The Role of Technology
Technology helped get us here, but it can also help get us out.
While technology has changed the lives of billions for the better, it has ALSO been our handmaiden on the road to planetary depletion. How so? It enables our desire to consume.
Our voracious desire to consume is met by the streamlined supply chains enabled by big data and technology. This desire has been further fueled by social media, the farthest-reaching medium for advertising and mass sharing with 3.6 billion users. The most widely followed social media accounts belong to those with lavish lifestyles. And we want to follow them.

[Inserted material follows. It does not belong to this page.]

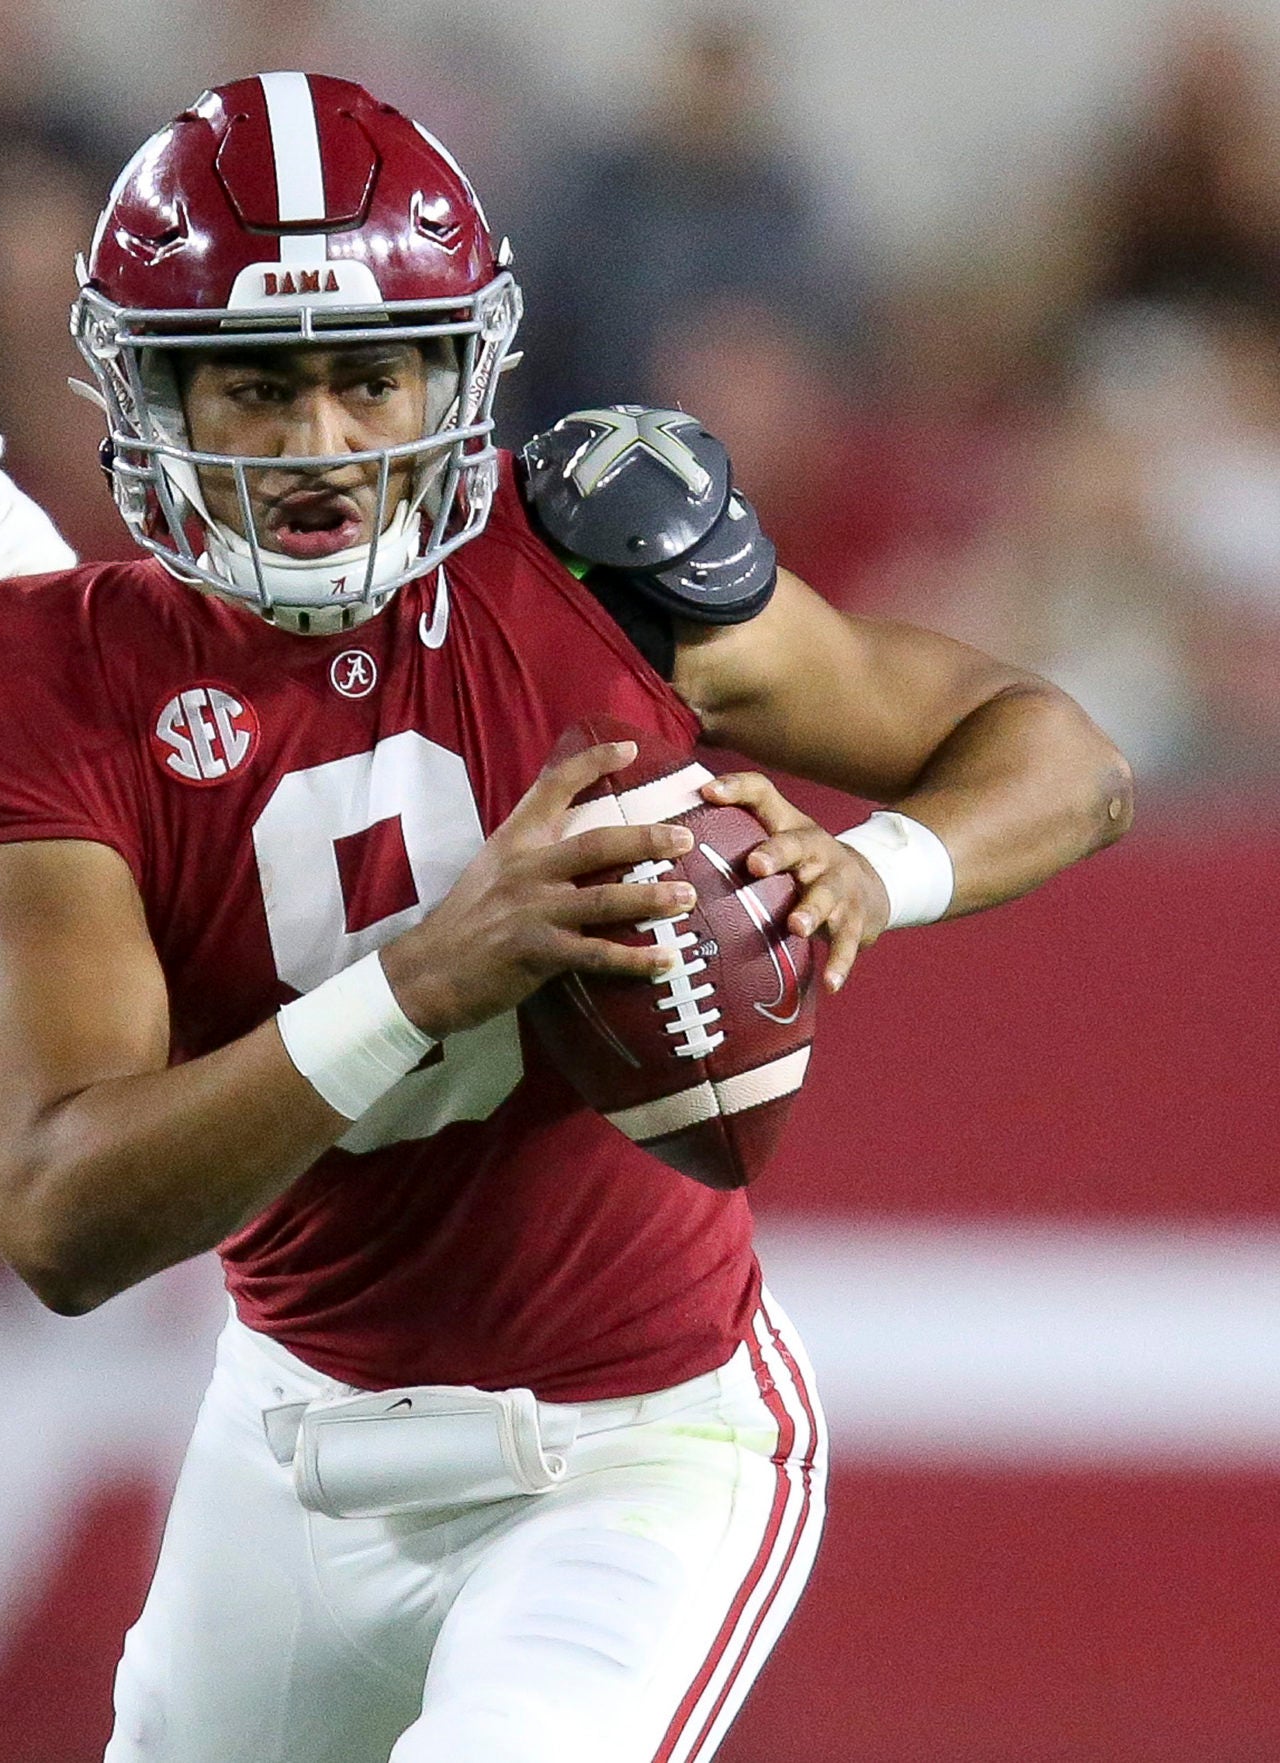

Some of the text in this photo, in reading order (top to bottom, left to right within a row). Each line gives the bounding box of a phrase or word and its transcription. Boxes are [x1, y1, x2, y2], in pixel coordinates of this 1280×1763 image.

[263, 269, 340, 296] BAMA
[340, 655, 369, 690] A
[156, 687, 250, 780] SEC

According to the mimetic theory of desire, we want what others want. If we’re always looking to the wealthy as role models, the “vertical emulation process” suggests that we aspire to consume like them. And the affluent are the worst offenders when it comes to planetary damage.
But just as we have used technology to harm the environment, so can we can also use technology to enable behavioral solutions. Rather than traveling for work meetings, companies could use Zoom; rather than physically attending a community college for a course on accounting, you could take it on Coursera; rather than physically sending your child to a video editing or fiction novel class, you could enroll them in Skillshare.
These may seem obvious and almost trivial, but using technology to change norms can significantly reduce carbon emissions. When physically attending a meeting that requires air travel, for instance, you contribute around 100 times more carbon emissions than if you had the meeting online.
Physically attending meetings or classes has been the norm, but norms are not fixed in stone — they are, well, just norms! Norms can be changed for the better (of the planet); and technology can now help us move more towards behaviors that are planet-friendly.